Weiner’s next project The Romanoffs, finds him in a similar character driven mode. It’s a contemporary anthology series about people who are descendants of the Russian Royal family. The eight stories loosely connect but mainly stand alone, dealing with the lives, loves, turmoil and deaths of privileged people. As such mostly first world and high class problems abide. Altogether, the productions are expertly presented with Amazon clearly throwing a lot of money at them.
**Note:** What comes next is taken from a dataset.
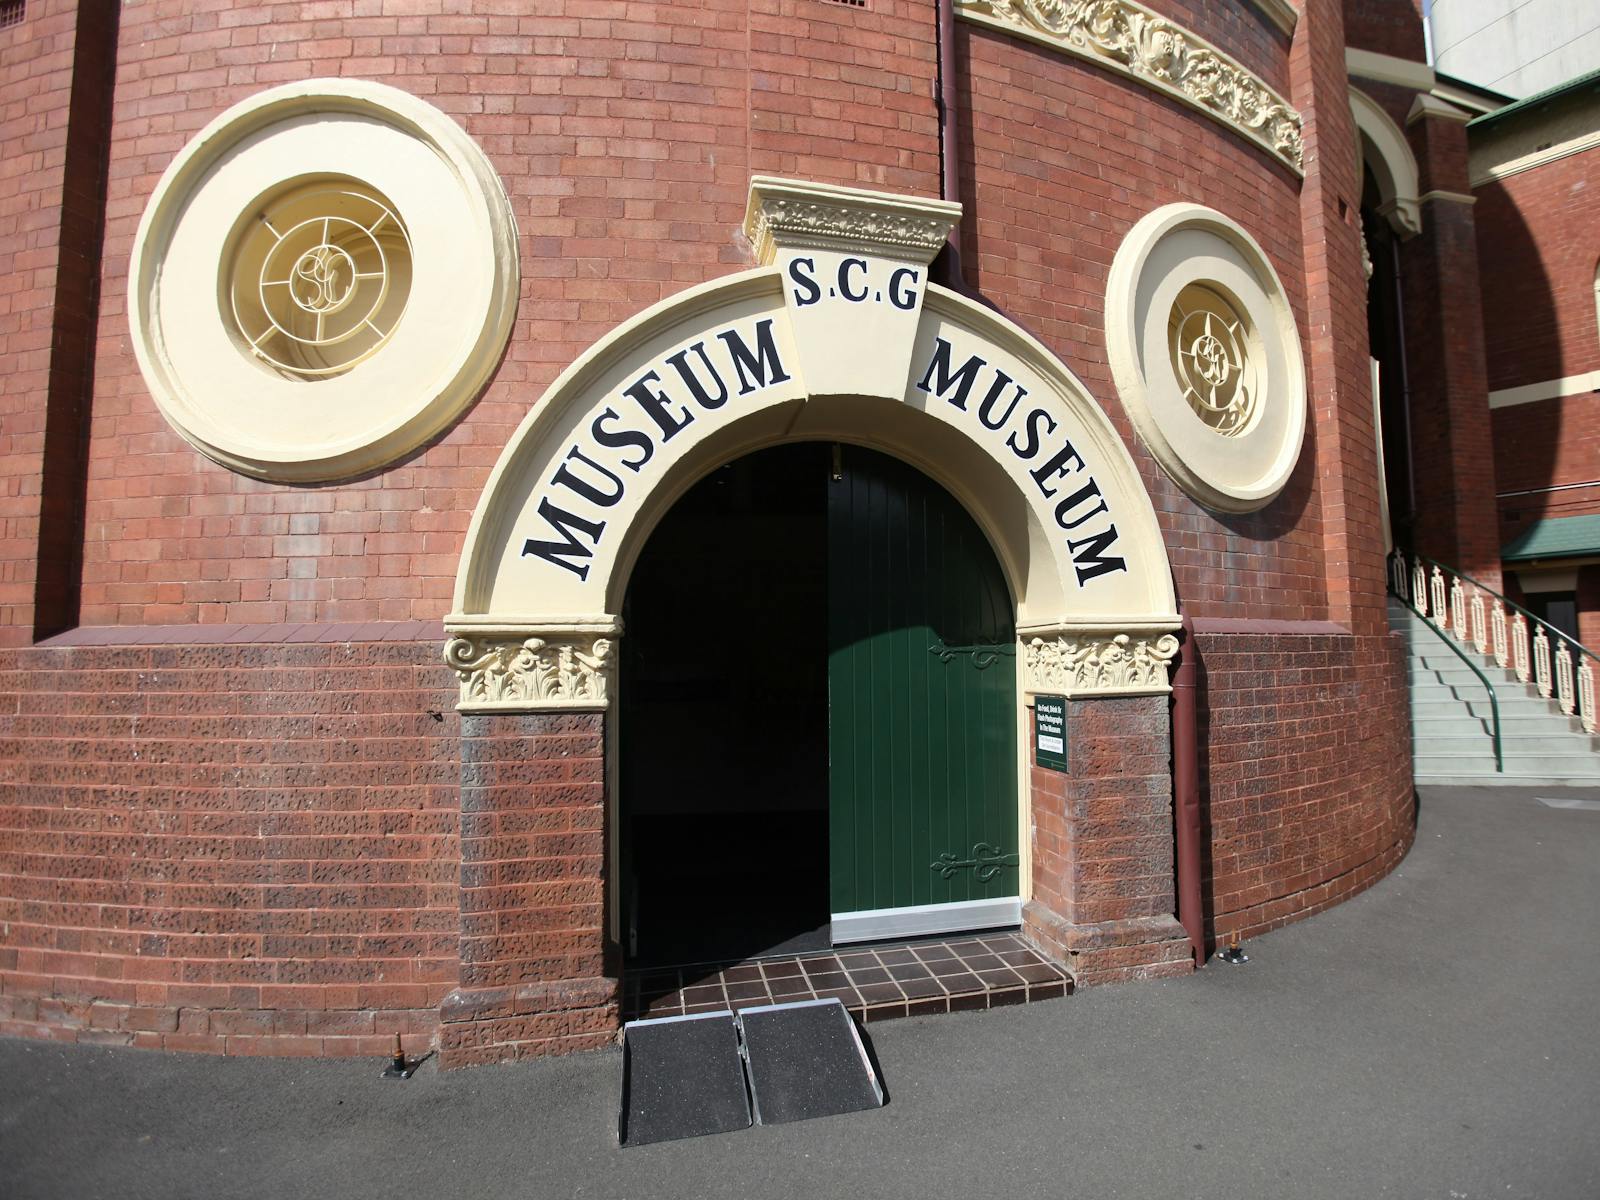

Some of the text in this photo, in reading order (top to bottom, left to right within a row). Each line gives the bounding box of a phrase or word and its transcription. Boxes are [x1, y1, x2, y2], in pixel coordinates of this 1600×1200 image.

[788, 256, 920, 311] S.C.G
[521, 318, 791, 582] MUSEUM
[916, 336, 1127, 588] MUSEUM
[1045, 714, 1063, 726] Photography
As they are self-contained narratives I have decided to order them in personal preference, rather than Amazon’s air order. Thus, here are said mini-reviews with usual marks out of eleven.
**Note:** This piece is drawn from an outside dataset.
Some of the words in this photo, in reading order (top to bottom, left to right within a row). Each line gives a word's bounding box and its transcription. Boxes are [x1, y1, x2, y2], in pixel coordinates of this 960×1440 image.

THE ONE THAT HOLDS EVERYTHING (EPISODE 8)
Main cast: Hugh Skinner, Hera Hilmar, Ben Miles, JJ Feild
This is the final story in the series and they saved the best until last. It is an incredibly dark exploration of family conflict that traverses the life of Hugh Skinner’s tragic Simon Romanov. Flash-backs entwine with flash-backs as his story unfolds from various perspectives. The script is incredible and certainly one of the best stories I have seen all year.
Mark: 10 out of 11
HOUSE OF SPECIAL PURPOSE (EPISODE 3)
Main cast: Christina Hendricks, Isabelle Huppert, Jack Huston, Paul Reiser
This is an absolutely brilliant satire about the filmmaking process. It finds Hendricks’ movie star on the crazy set of Isabelle Huppert’s eccentric director. The narrative channels horror, surrealist, comedy, drama and romance genres with a complex screenplay. Huppert and Hendricks are superb; as is the jaw-dropping ending!
Mark: 9 out of 11
BRIGHT AND HIGH CIRCLE (EPISODE 5)
Main cast: Diane Lane, Ron Livingston, David Patton
Thematically very strong, the story finds Diane Lane and Ron Livingston as wealthy parents whose children may or may not have been abused by their piano teacher. It’s a subtle exploration of middle class paranoia and universal fear glued together by a superlative performance from Lane.
Mark: 8 out of 11
END OF THE LINE (EPISODE 7)
Main Cast: Kathryn Hahn, Jay R. Ferguson, Annet Mahendru
Like the very watchable Netflix film Private LIves (2018), this story finds Kathryn Hahn portraying another parent desperate for a child. Hahn and her husband, Ferguson, travel to Vladivostock to adopt a Russian child and face all manner of cultural, geographical, health and language barriers. It’s an absorbing piece which really drags you in but ultimately the drama felt protracted by the end.
Mark: 7.5 out of 11
PANORAMA (EPISODE 6)
Main cast: Radha Mitchell, Juan Pable Castaneda, Griffin Dunne
More travelogue and history lesson with a mild romantic drama added, this story promises much but peters out by the end. Castaneda’s journalist investigates medical malpractice but it’s left to Radha Mitchell and the wonderful setting of Mexico City to provide the emotional depth.
Mark: 7 out of 11
THE VIOLET HOUR (EPISODE 1)
Main cast: Aaron Eckhart, Marthe Keller, Louise Bourgoin, Ines Melab
What starts off as a fascinating culture clash dramedy between an elderly racist and her Muslim carer, strangely left-turns into an tacked-on romance story. The cast are excellent and there’s some fine dialogue but it felt unbelievable toward the end for me.
Mark: 6.5 out of 11
THE ROYAL WE (EPISODE 2)
Main cast: Kerry Bishe, Corey Stoll, Janet Montgomery
Mid-life crises and male “seven-year itches” drive the narrative as a bunch of selfish and adulterous actions made me hate Stoll’s character. The Jury Service scenes are interesting but aside from Kerry Bishe’s decent character, I found this a painful way to spend eighty-or-so minutes.
Mark: 6 out of 11
EXPECTATION (EPISODE 4)
Main cast: Amanda Peet, Emily Rudd, John Slattery
Amanda Peet’s character has a bad day – THE END! Even the appearance of the mercurial John Slattery cannot save this disappointingly empty story.